Skip the pictures, and retype the data below in full, exactly.

Exercise materials START

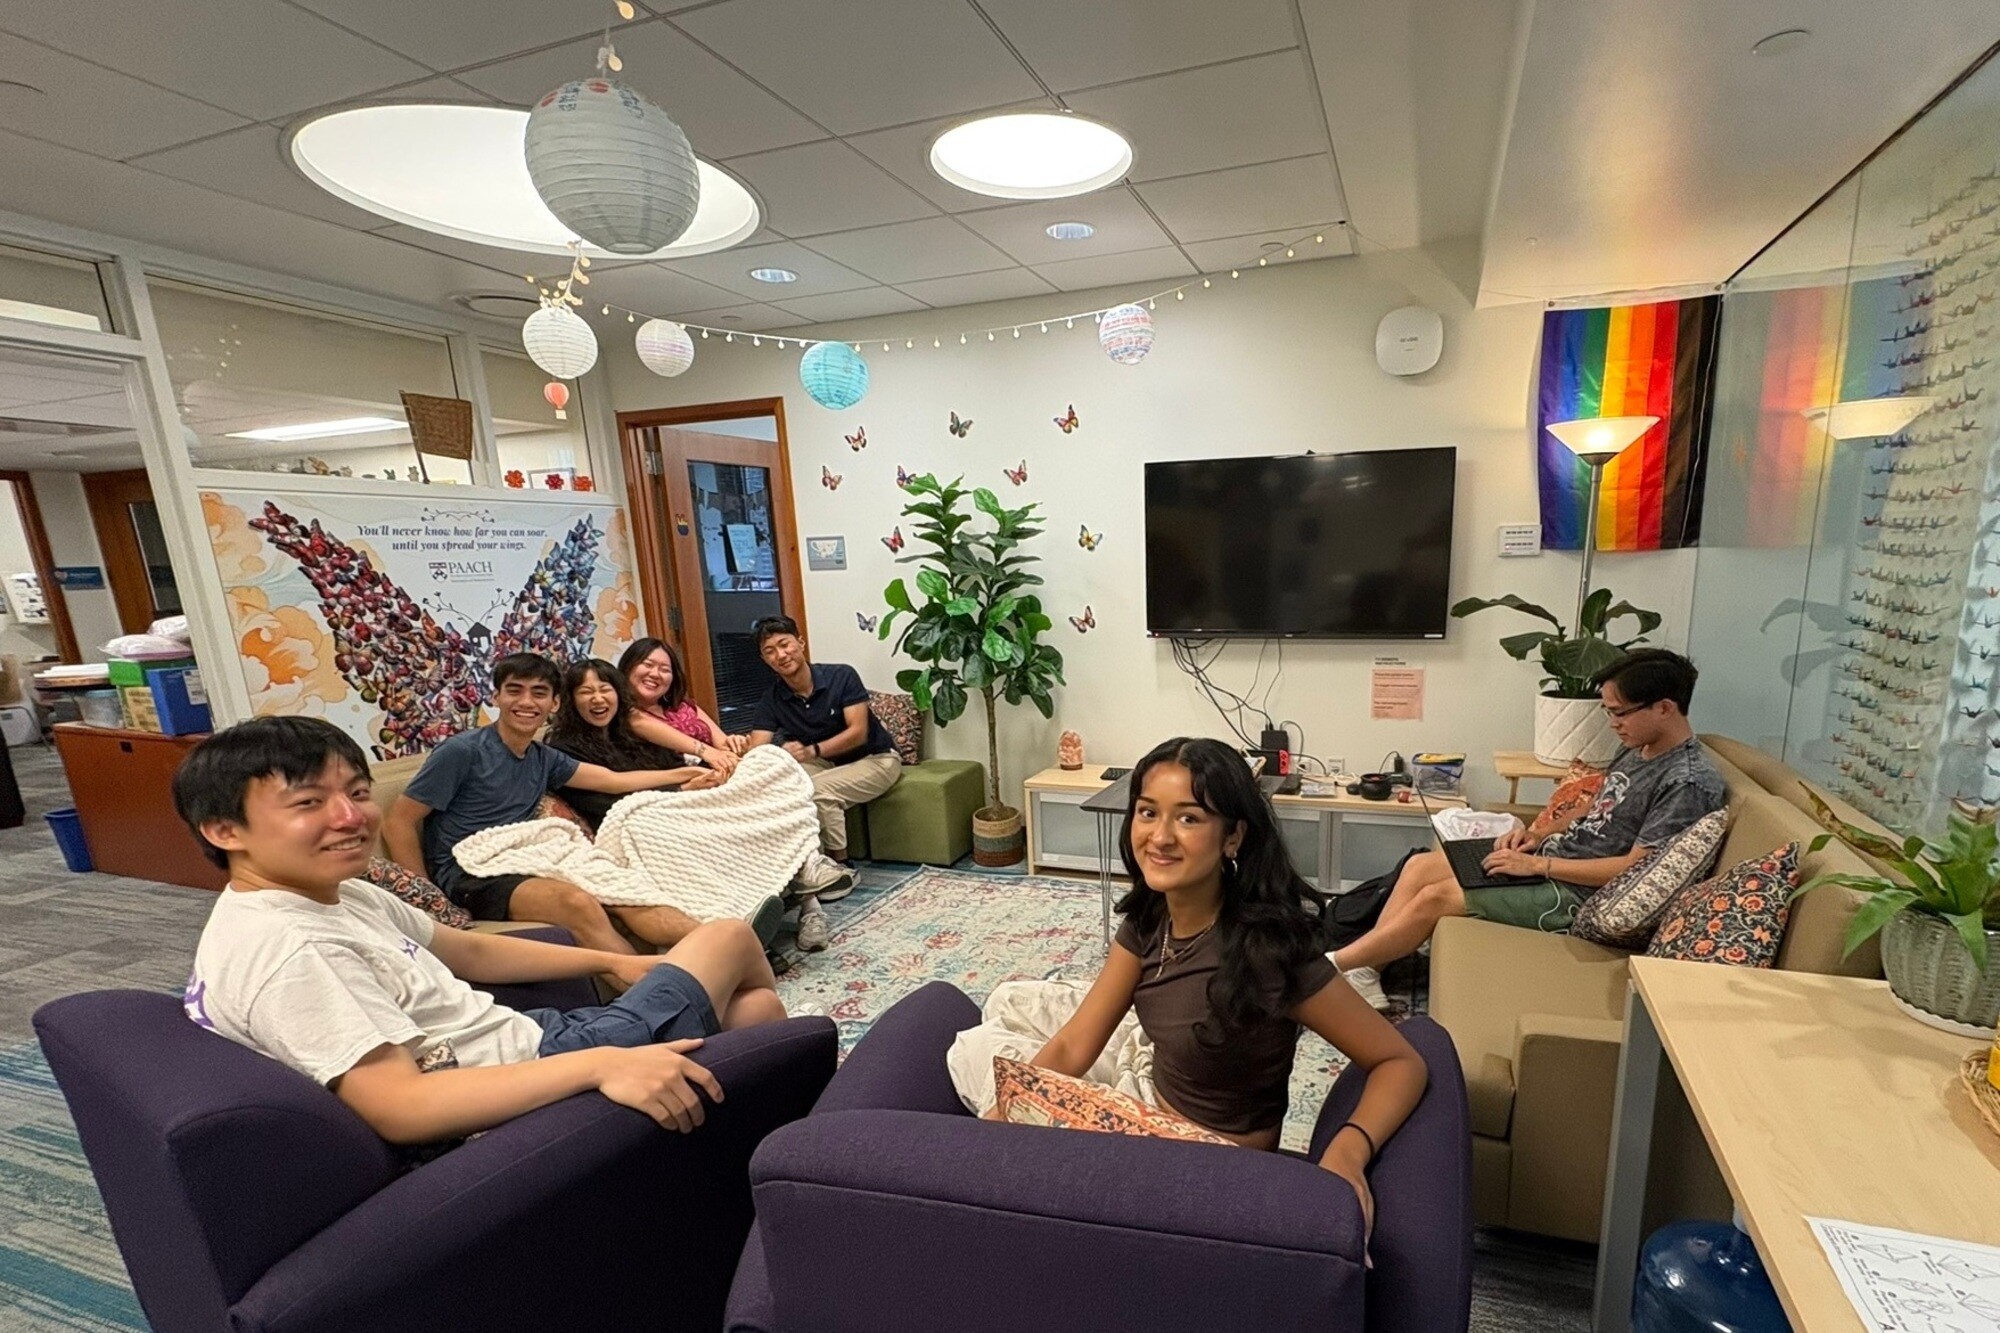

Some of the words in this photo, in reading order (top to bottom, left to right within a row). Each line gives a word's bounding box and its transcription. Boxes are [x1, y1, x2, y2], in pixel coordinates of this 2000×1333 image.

[357, 525, 389, 536] You'll
[392, 528, 422, 536] never
[425, 525, 450, 536] know
[453, 526, 472, 537] how
[475, 526, 488, 538] far
[491, 529, 507, 538] you
[509, 529, 525, 537] can
[392, 540, 418, 550] until
[420, 542, 439, 552] you
[441, 540, 474, 551] spread
[476, 542, 498, 552] your
[448, 561, 493, 574] PAACH

Exercise materials END

- [Completed exercise]
Some of the words in this photo, in reading order (top to bottom, left to right within a row). Each line gives a word's bounding box and its transcription. Boxes are [x1, y1, x2, y2], in pixel coordinates of this 2000×1333 image.

[357, 525, 389, 536] You'll
[392, 528, 422, 536] never
[425, 525, 450, 536] know
[453, 526, 472, 537] how
[475, 526, 488, 538] far
[491, 529, 507, 538] you
[509, 529, 525, 537] can
[392, 540, 418, 550] until
[420, 542, 439, 552] you
[441, 540, 474, 551] spread
[476, 542, 498, 552] your
[448, 561, 493, 574] PAACH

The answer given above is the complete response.